Sabemos o quanto, nos dias de hoje, tal panorama evoluiu para o que se convencionou chamar de ‘pós-modernidade’. A principal característica destes tempos pós-modernos é a crise do conceito de verdade, no sentido de que não existe mais uma verdade, mas ‘verdades’, dependendo do ponto de vista que se adote para observar e argumentar. O corolário lógico dessa crise é o apagamento da clássica diferença entre sujeito e objeto e a quebra da fantasia de uma observação isenta, à medida que o sujeito influi no que é observado. Além disso, as características do objeto, especialmente na prática da psicanálise, reverberam em direção ao sujeito e o modificam. Com isso, diluem-se as diferenças entre realidades factuais e realidades criadas pela imaginação. Tal relativização da verdade contribui para uma crise no que se refere à compreensão abrangente que seria proporcionada pelas metanarrativas, pois o mundo e as pessoas são mais complexos do que se imaginava e não cabem em modelos simples e reducionistas.
Essa desilusão com o poder explicativo das metanarrativas e a relativização dos conceitos de verdade e realidade, deram origem a dois importantes movimentos. O primeiro foi o surgimento de reivindicações do direito de ser diferente, da politização da sexualidade e dos diversos modos de viver a vida.3 Uma segunda vertente refere-se à ética, com o surgimento de uma tendência a que se aceitem todas as posições, o estabelecimento de uma relação pragmática com a realidade e o afastamento de tudo aquilo que é alheio à utilidade prática imediata. A conjunção desses fatores na cultura atinge tal ponto que Lipovetzky (1983) chega a conceituar uma ‘era do vazio’, caracterizada pela:
(…) pressão por uma aceitação não crítica de todos os modos de vida, individuação narcisista, hedonismo, equalização de todo o conhecimento com a consequente erradicação das diferenças entre as gerações, experiências de vida, experiência educacional, treino, talento e sensibilidade. (Lipovetzky, citado por Rocha Barros e Rocha Barros, 2003, p. 8)
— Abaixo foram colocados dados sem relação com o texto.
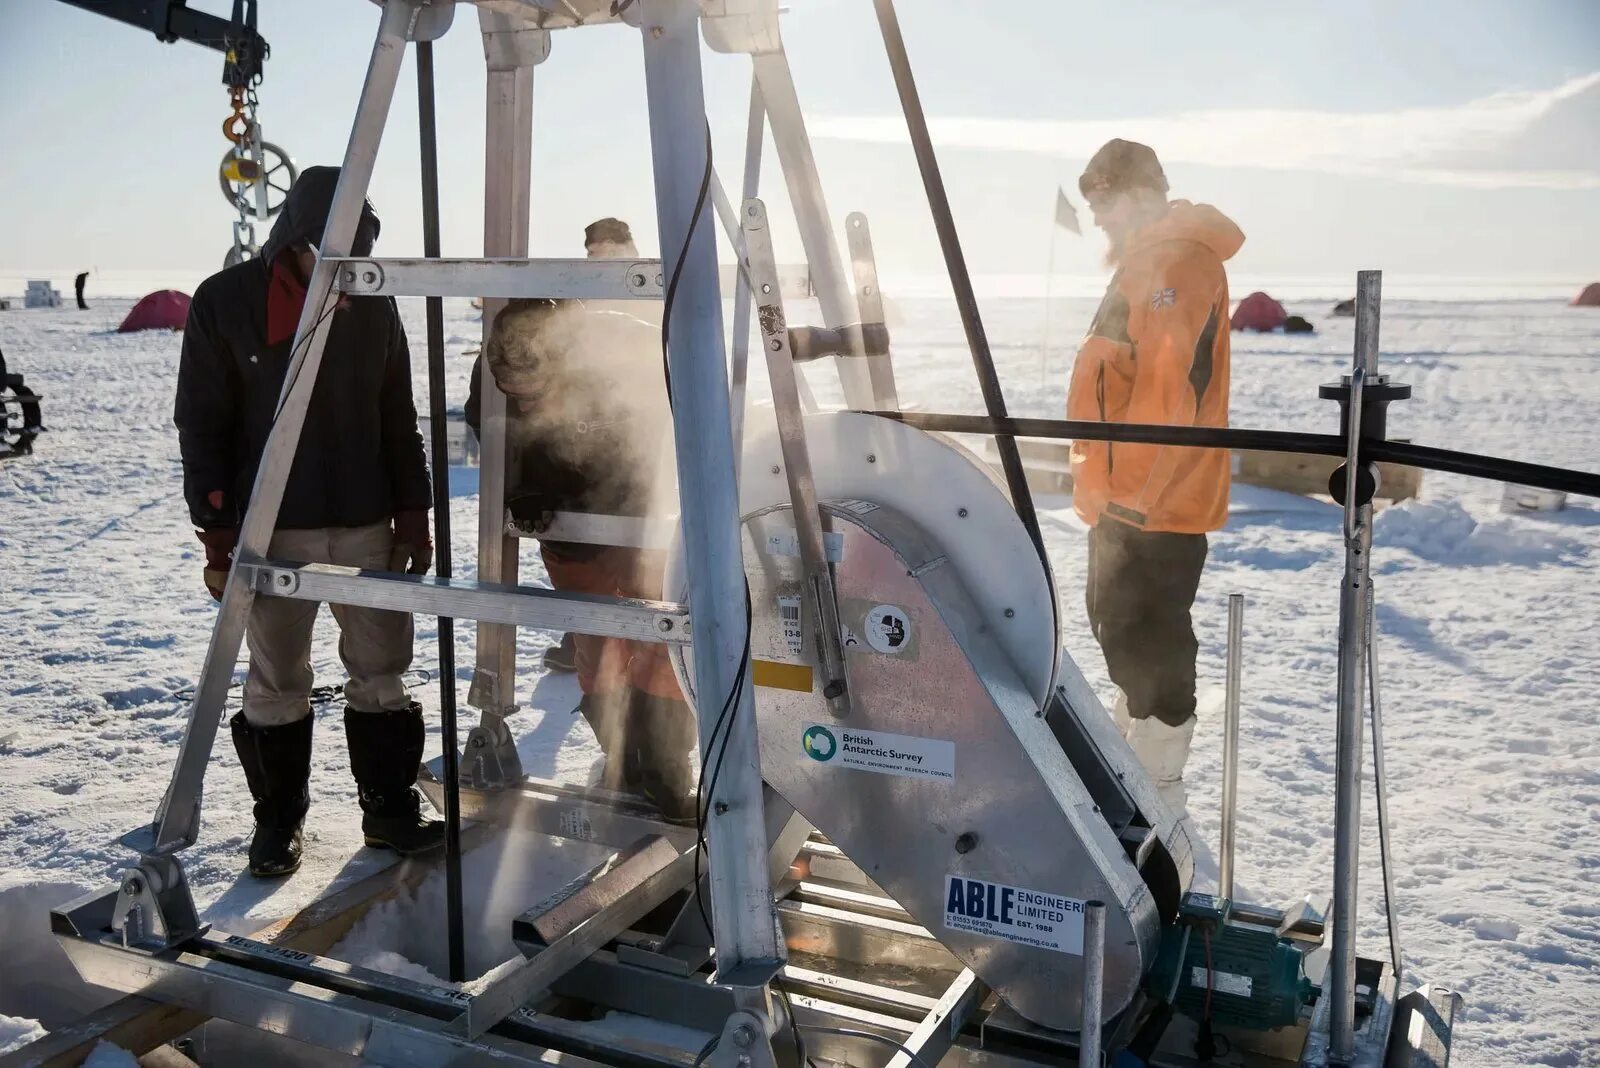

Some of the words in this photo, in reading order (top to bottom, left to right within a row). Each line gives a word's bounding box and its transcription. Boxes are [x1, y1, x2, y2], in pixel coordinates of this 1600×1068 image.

[843, 733, 873, 746] British
[843, 743, 888, 758] Antarctic
[889, 750, 923, 765] Survey
[844, 758, 866, 766] NATURAL
[868, 761, 903, 770] ENVIRONMENT
[931, 770, 953, 778] COUNCIL
[947, 878, 1015, 926] ABLE
[1018, 891, 1085, 914] ENGINEERI
[952, 915, 971, 924] 01553
[1017, 905, 1064, 923] LIMITED
[1016, 920, 1034, 929] EST.
[1036, 923, 1053, 933] 1988
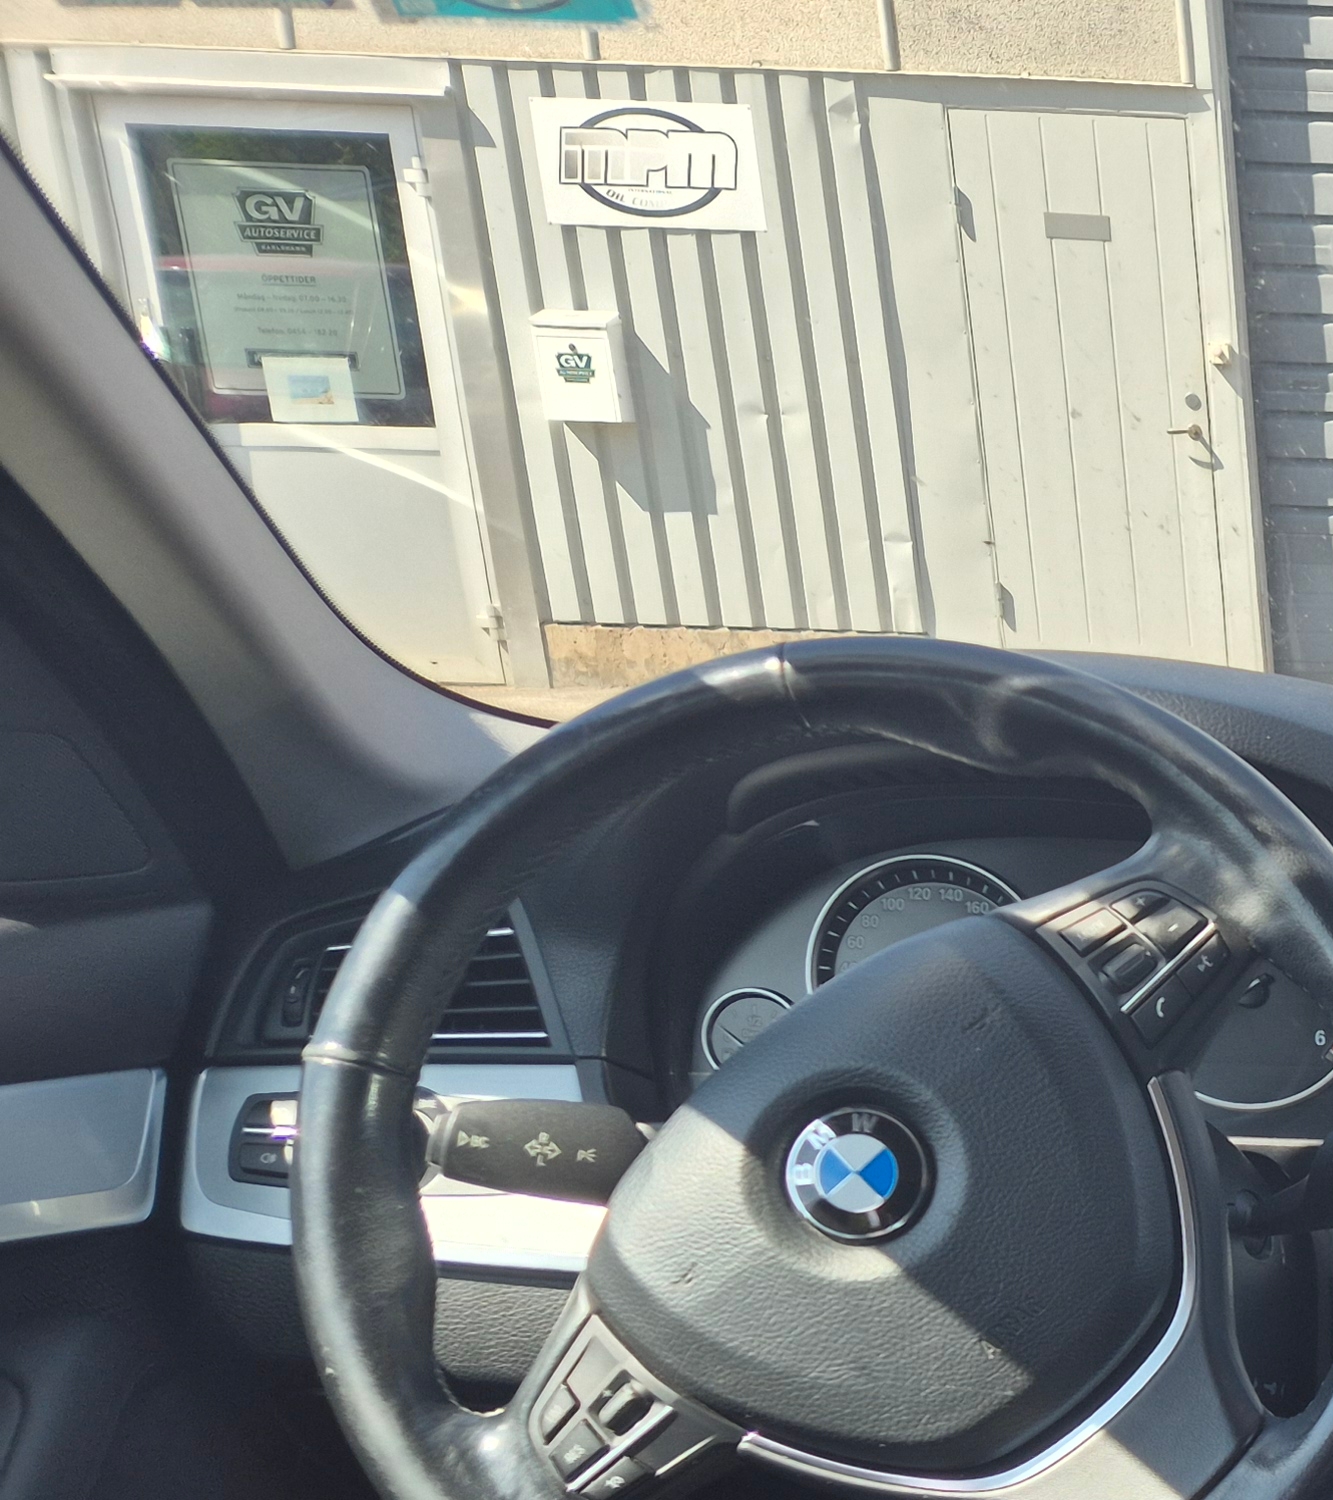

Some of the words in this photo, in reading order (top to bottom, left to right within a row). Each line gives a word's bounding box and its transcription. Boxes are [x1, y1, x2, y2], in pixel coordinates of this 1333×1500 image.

[606, 189, 625, 202] OIL
[245, 193, 305, 221] GV
[243, 227, 317, 240] AUTOSERVICE
[261, 273, 317, 284] ÖPPETTIDER
[559, 354, 589, 368] GV
[907, 887, 931, 900] 120
[939, 888, 963, 902] 140
[881, 898, 905, 911] 100
[965, 901, 990, 914] 160
[861, 915, 879, 928] 80
[847, 935, 865, 949] 60
[1314, 1029, 1327, 1046] 6
[794, 1113, 878, 1186] BMW
Esse panorama, que Roa (1965, p. 43) descreve como o predomínio da ética dos direitos sobre a ética dos deveres, tende a provocar um afastamento com relação à subjetividade e estimula a busca do prazer e da satisfação imediata dos desejos. Tudo isso leva a uma percepção superficial da realidade e perda de preocupação com o correto. A aquisição do conhecimento deixa de ser um objetivo, ganha força uma tendência ao culto da imagem e, o que é mais preocupante, as decisões a tomar na vida tornam-se questão de mero agrado: “(…) só importa o que é mais cômodo [e] poder-se-ia falar em uma ‘ética de bolso’, destinada a resolver somente um dado caso individual” (p. 42).
Vários autores, a partir de outras disciplinas, além da psicanalítica, têm se manifestado com relação aos efeitos da cultura pós-moderna sobre o funcionamento mental do indivíduo. Susan Sontag, por exemplo, em um texto de 1996, alerta para o fato de que “(…) a sensibilidade moderna está mais comprometida com o prazer do que nunca esteve” (p. 19). Nessa mesma linha de avaliação, Malumián (2008) destaca “(…) o consumo, em particular, e o mercado em geral como outra linha para a valorização da cultura: o que não é consumido não tem valor” (p. 24).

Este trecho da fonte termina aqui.